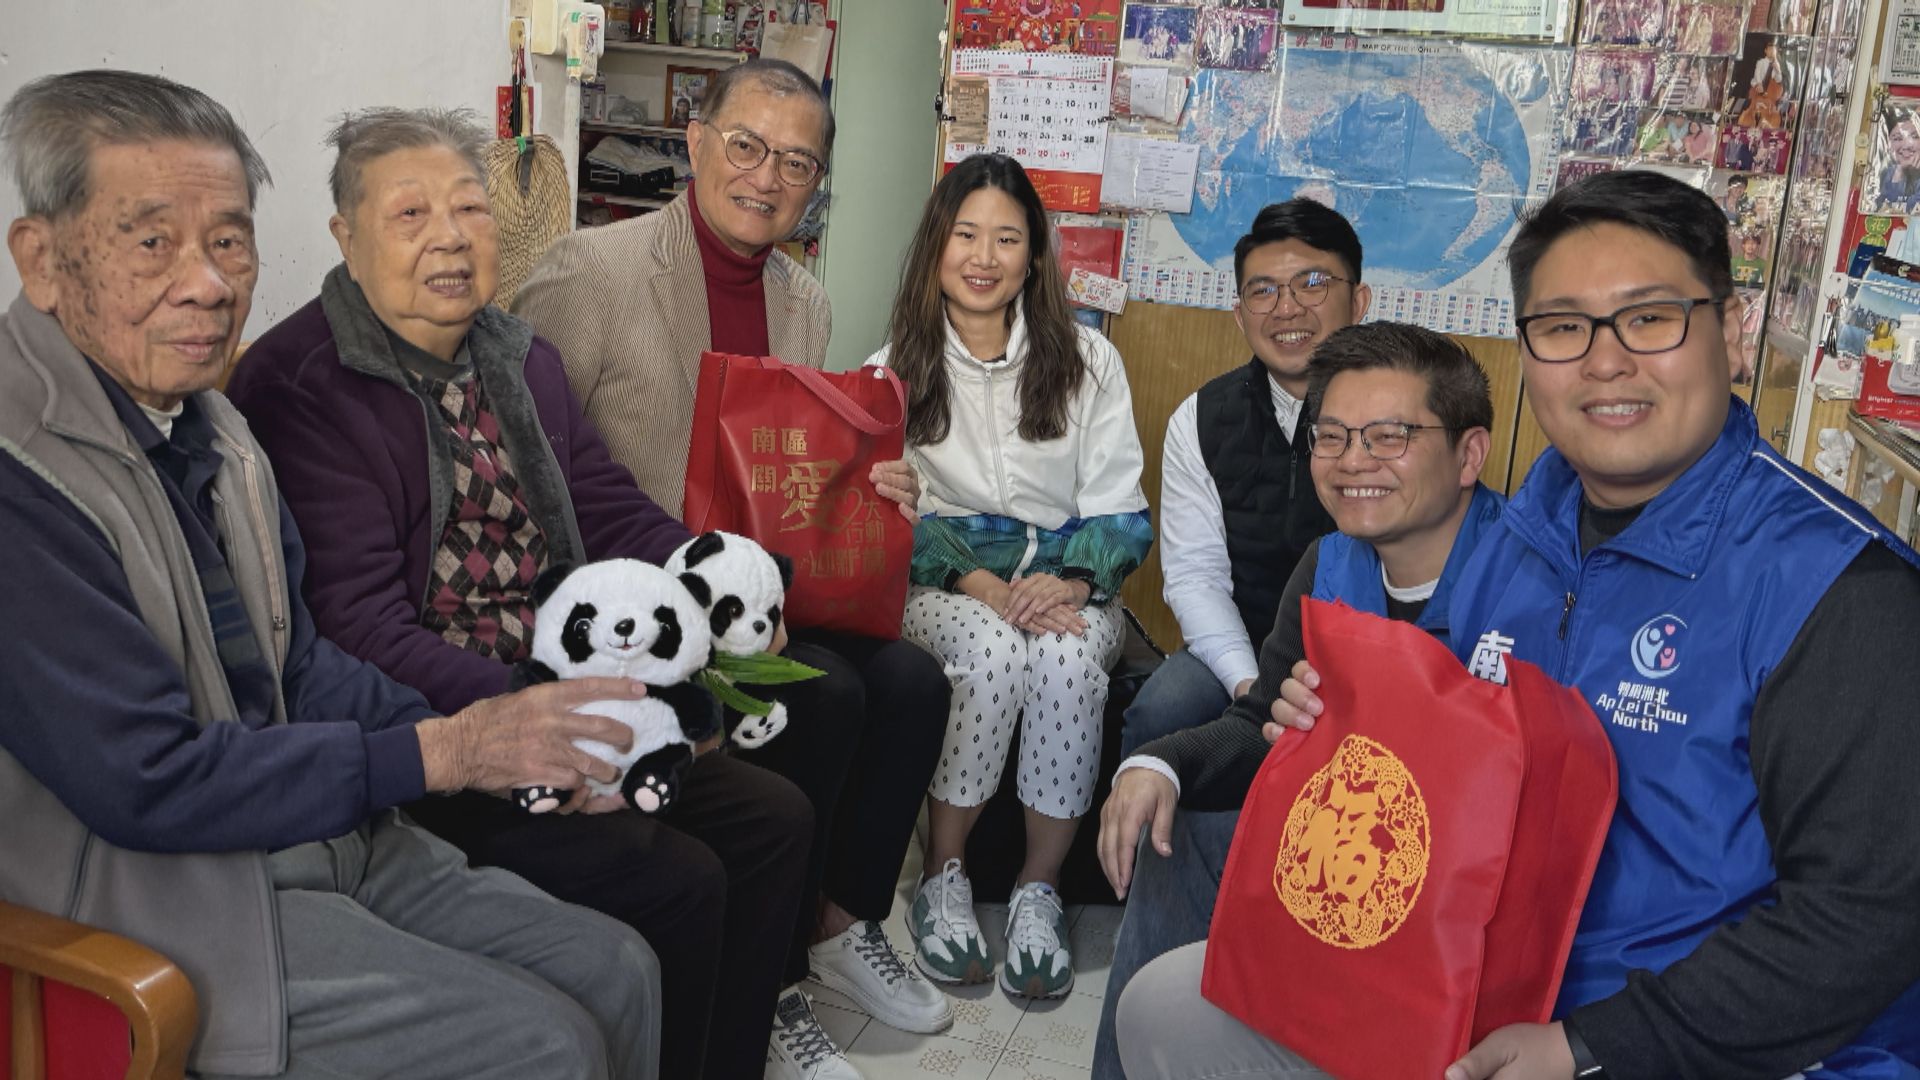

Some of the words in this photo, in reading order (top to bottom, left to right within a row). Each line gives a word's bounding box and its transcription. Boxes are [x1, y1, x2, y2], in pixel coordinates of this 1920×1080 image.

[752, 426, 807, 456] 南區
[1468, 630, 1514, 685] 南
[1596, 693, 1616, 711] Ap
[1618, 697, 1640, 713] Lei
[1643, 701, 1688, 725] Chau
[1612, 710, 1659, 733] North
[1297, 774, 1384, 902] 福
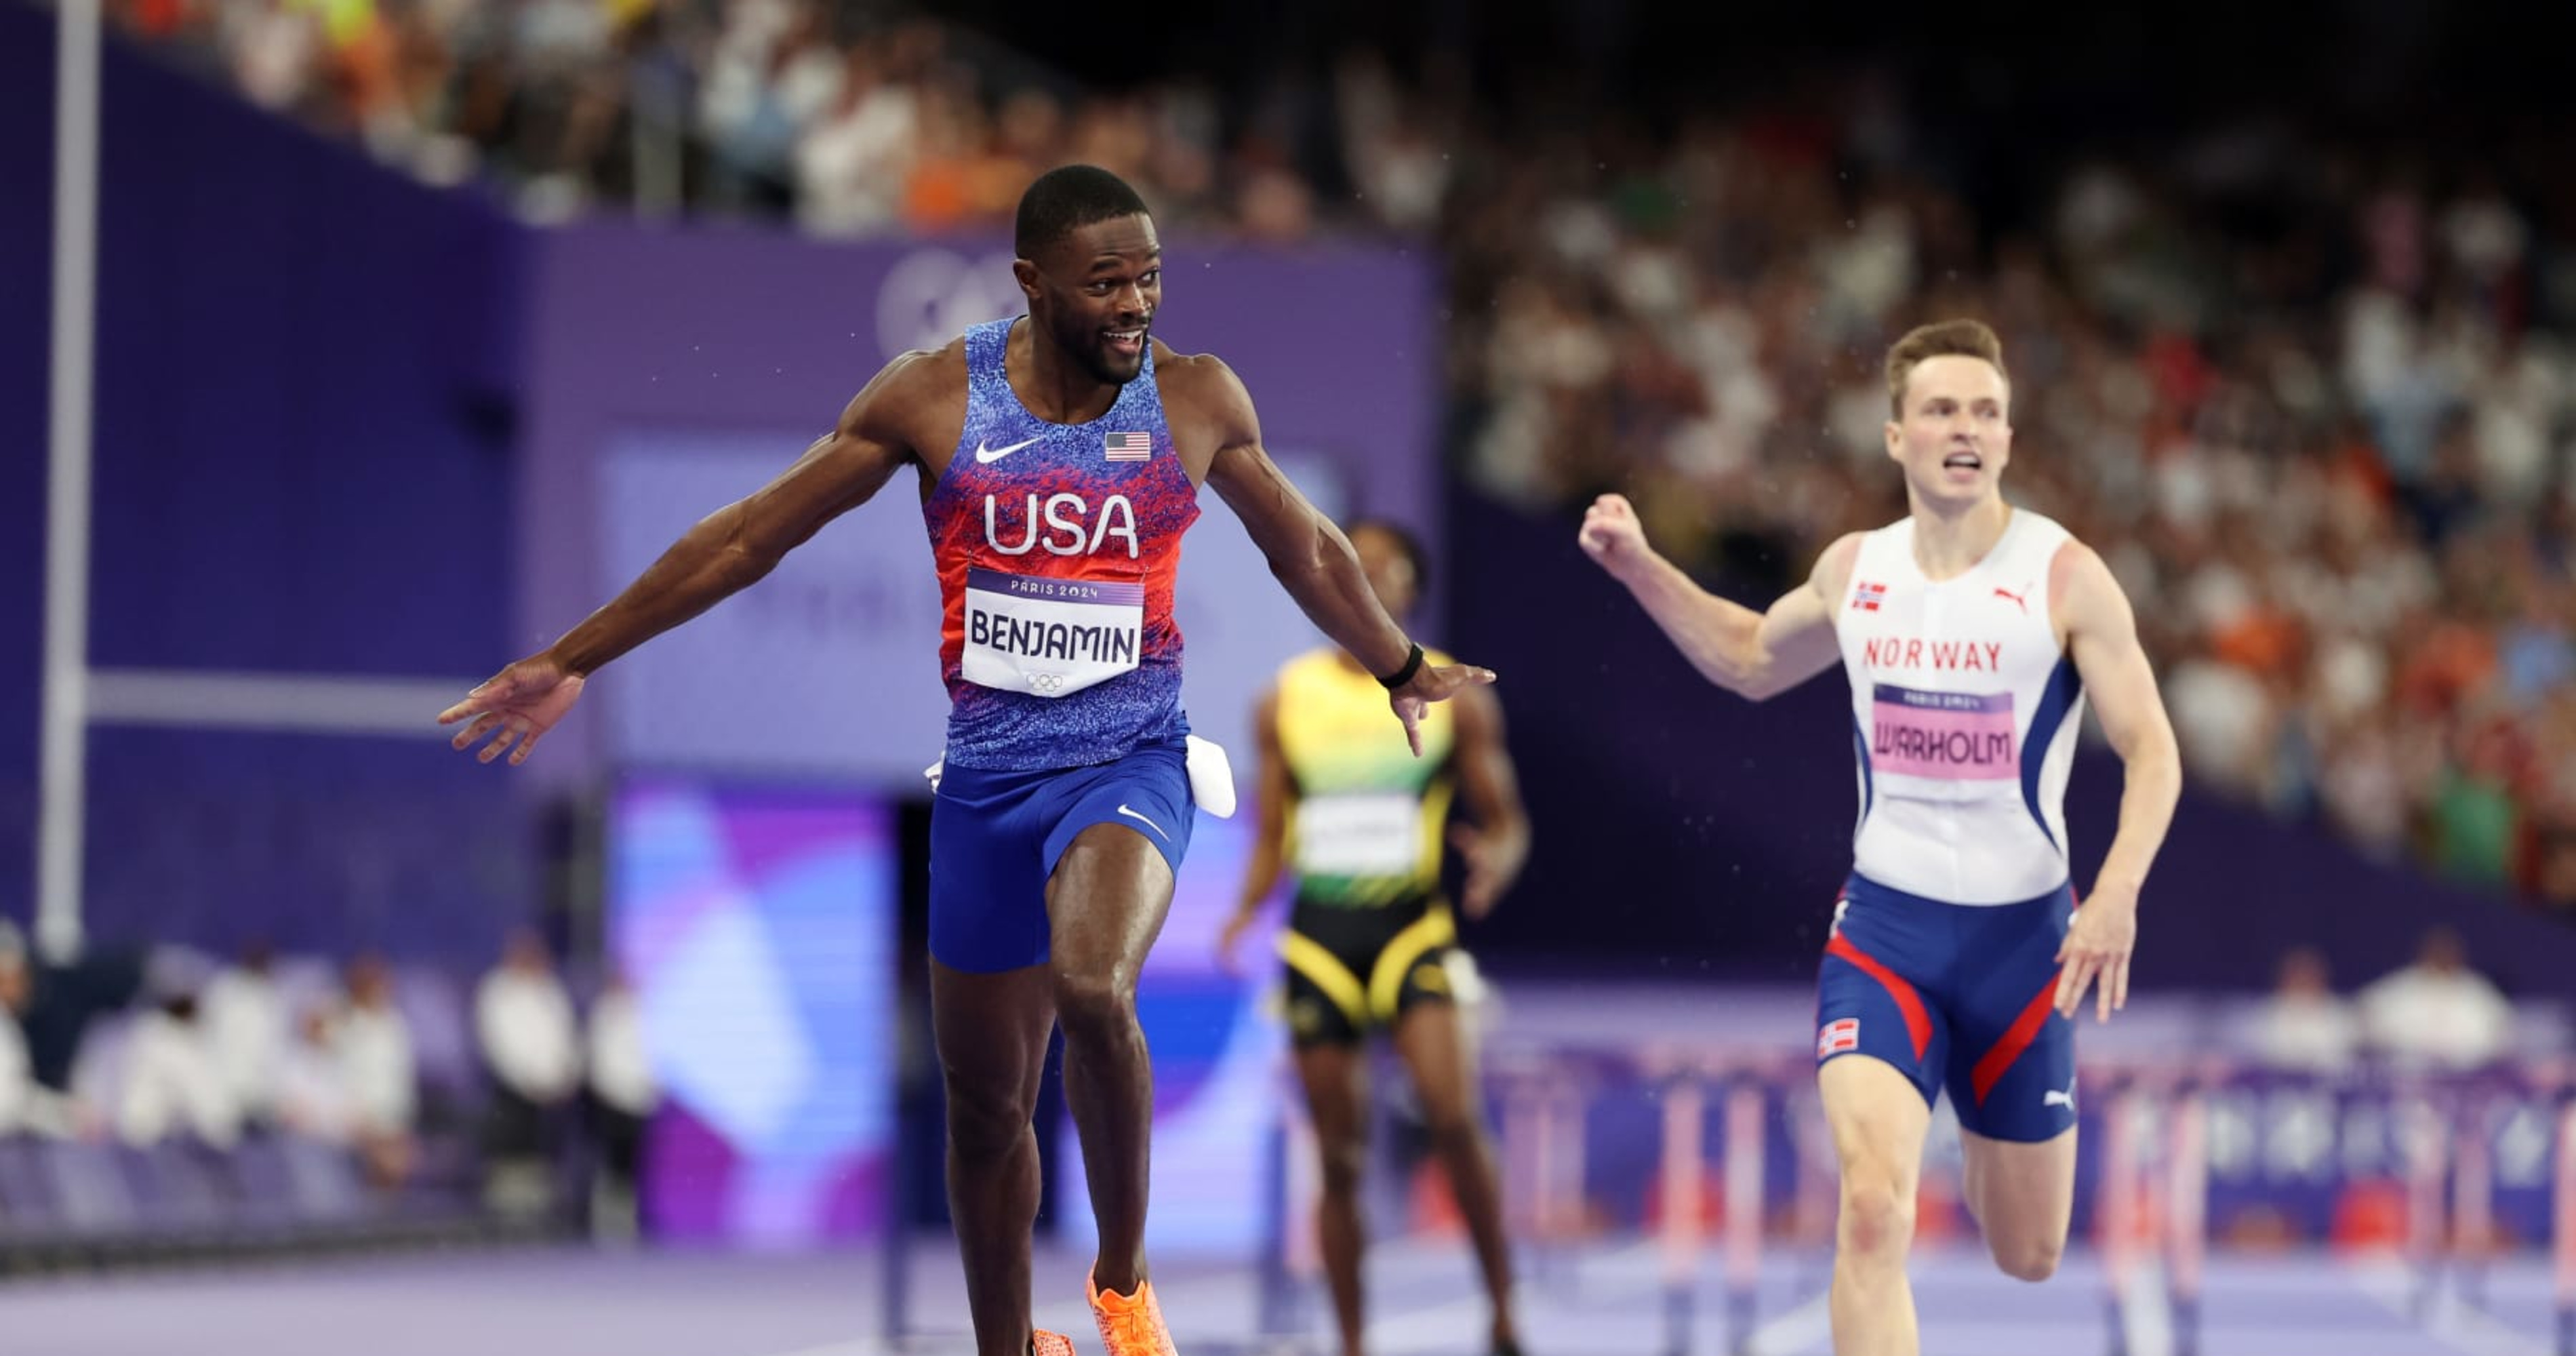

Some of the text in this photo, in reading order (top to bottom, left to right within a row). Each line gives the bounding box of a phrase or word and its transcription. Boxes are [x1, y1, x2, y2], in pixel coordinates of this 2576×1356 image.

•••

→ **Instructions for the task**
Give the listing again, exactly as it appears, but without its images.

→ **Solution to this problem**
Some of the words in this photo, in reading order (top to bottom, left to right within a row). Each line gives a word's bounding box and its transcription. Boxes are [x1, y1, x2, y2], in pixel coordinates of this 1920×1080 image.

[752, 426, 807, 456] 南區
[1468, 630, 1514, 685] 南
[1596, 693, 1616, 711] Ap
[1618, 697, 1640, 713] Lei
[1643, 701, 1688, 725] Chau
[1612, 710, 1659, 733] North
[1297, 774, 1384, 902] 福

Some of the text in this photo, in reading order (top to bottom, left to right within a row). Each line gives the bounding box of a phrase or word and its transcription. Boxes are [x1, y1, x2, y2], in pixel coordinates of this 2576×1356 image.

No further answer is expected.